9. Missed visits and changes in study visits will result in missing information. Specific information in the case report form should explain the basis of the missing information, including the relationship to COVID-19.
10. If scheduled visits to a clinic will be significantly impacted, investigational products that can be self-administered may be amenable to alternative secure delivery methods.
11. Sponsors should consult the appropriate review division regarding protocol modifications related to the collection of efficacy endpoints, such as virtual assessments, delays in assessments, and alternative collection of research-specific specimens. If efficacy endpoints are not collected due to COVID-19, the reasons for failing to obtain the efficacy assessment should be documented. If changes in the protocol will lead to amending data management and/or statistical analysis plans, sponsors should consider doing so in consultation with the applicable FDA review division.
12. Finally, if planned on-site monitoring visits are no longer possible, sponsors should consider optimizing the use of central and remote monitoring programs to maintain oversight of clinical sites.
- For all trials impacted by COVID-19, certain actions should be described in appropriate sections of the clinical study report. That includes the following:
- Contingency measures implemented to manage study conduct during disruptions resulting from COVID-19.
- A listing of participants affected by the COVID-19 virus study disruption. Participants should be noted by unique subject number identifier, by investigational site, and a description of how their participation was altered.

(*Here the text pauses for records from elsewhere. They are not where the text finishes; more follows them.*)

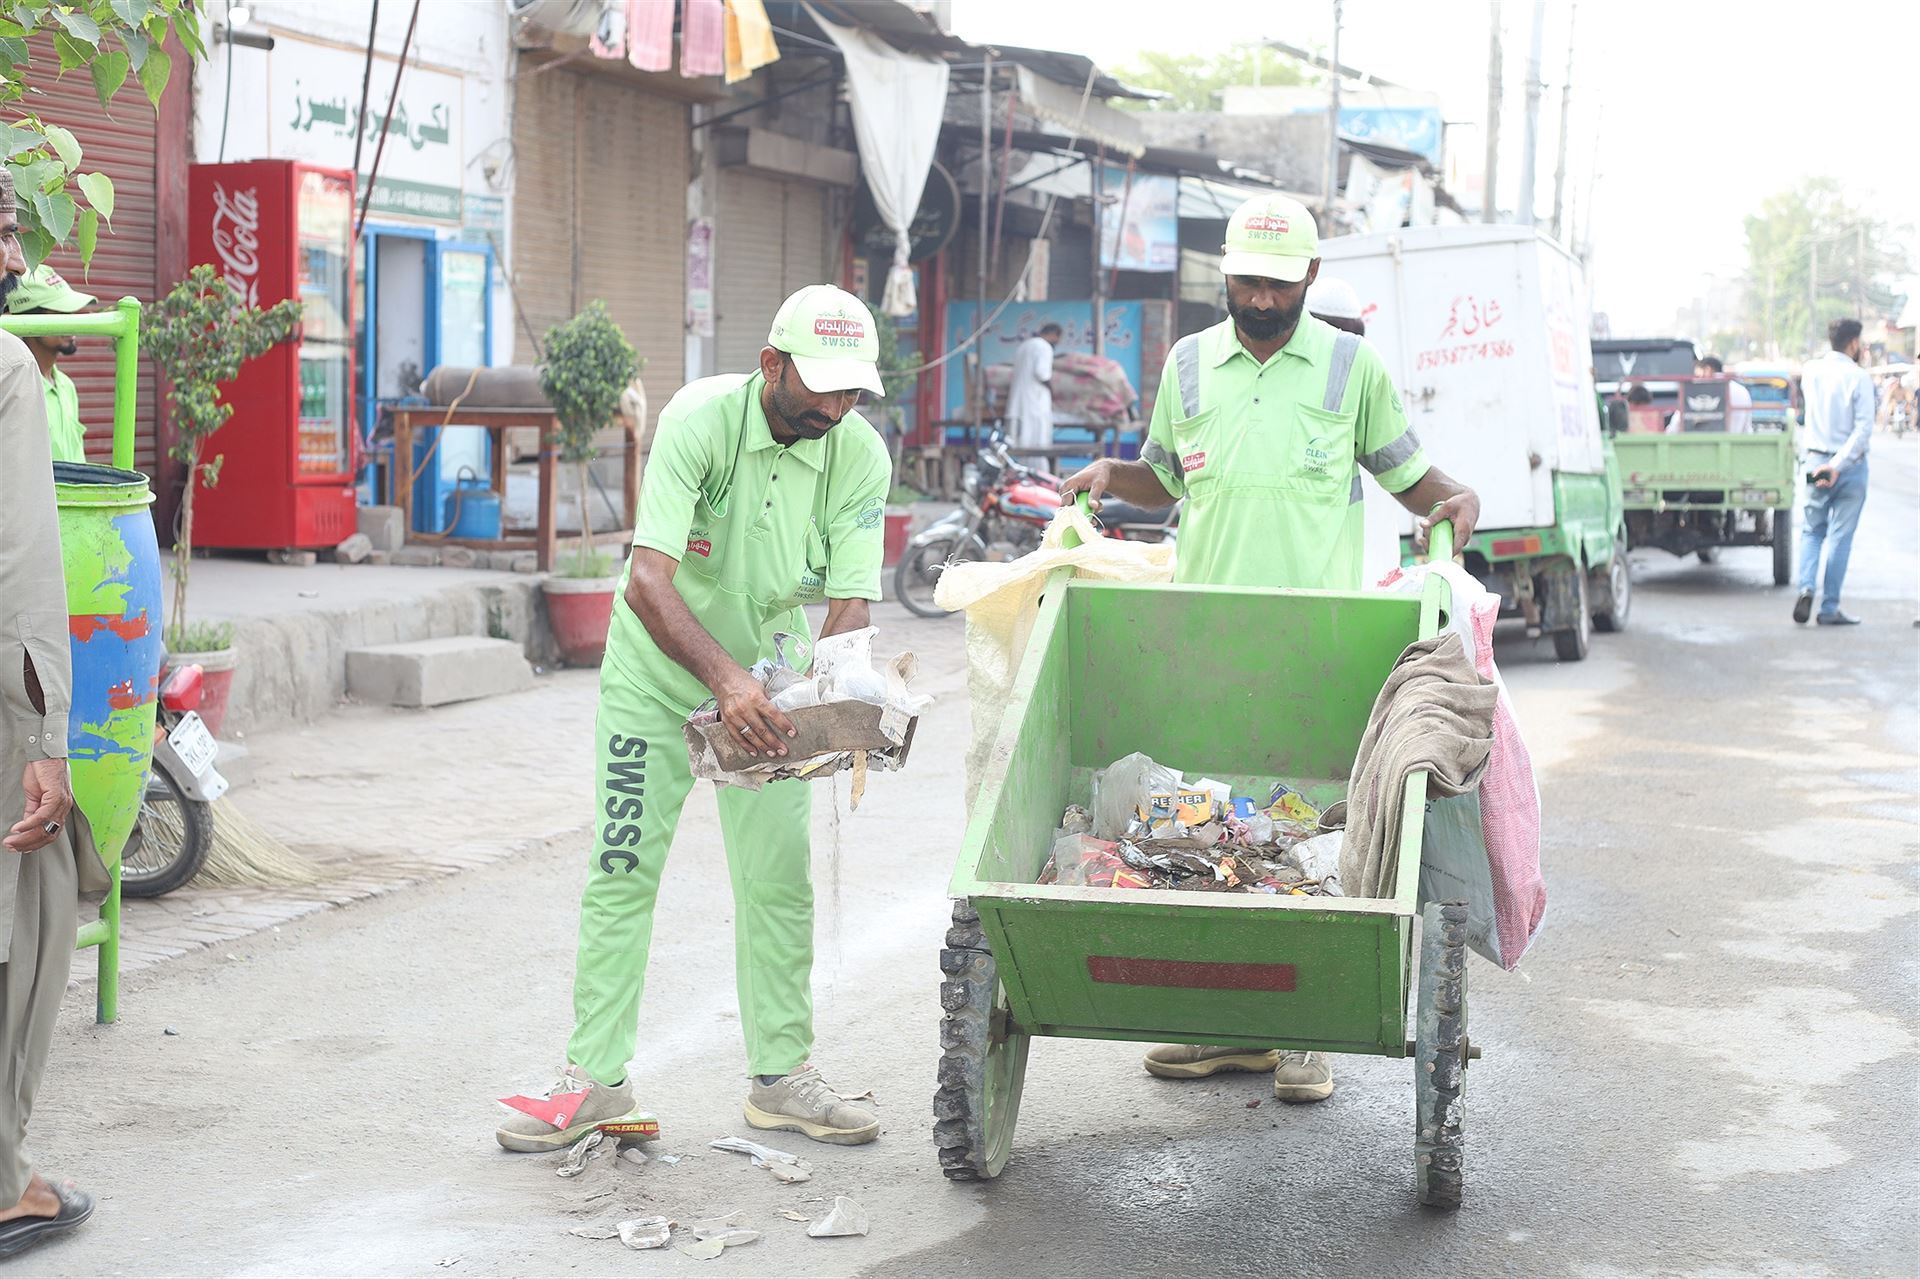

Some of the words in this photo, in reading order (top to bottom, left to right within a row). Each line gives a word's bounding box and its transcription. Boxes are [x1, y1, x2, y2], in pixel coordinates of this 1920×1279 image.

[1248, 230, 1282, 241] SWSSC
[821, 336, 860, 348] SWSSC
[1305, 447, 1328, 460] CLEAN
[801, 575, 821, 587] CLEAN
[600, 734, 648, 875] SWSSC
[622, 1123, 644, 1131] EXTRA

- Analyses and corresponding discussions that address the impact of implemented contingency measures on the safety and efficacy results reported for the study. Those contingency results could include participant discontinuation from a product or study and alternative procedures used to collect safety and/or efficacy data.
The FDA expects robust efforts by sponsors, clinical sites, and IRBs/IECs to maintain the safety of trial participants and data integrity. Those efforts should be documented. Although protocol modifications may be required due to COVID-19, it is important for sponsors to document the reasons for the deviations.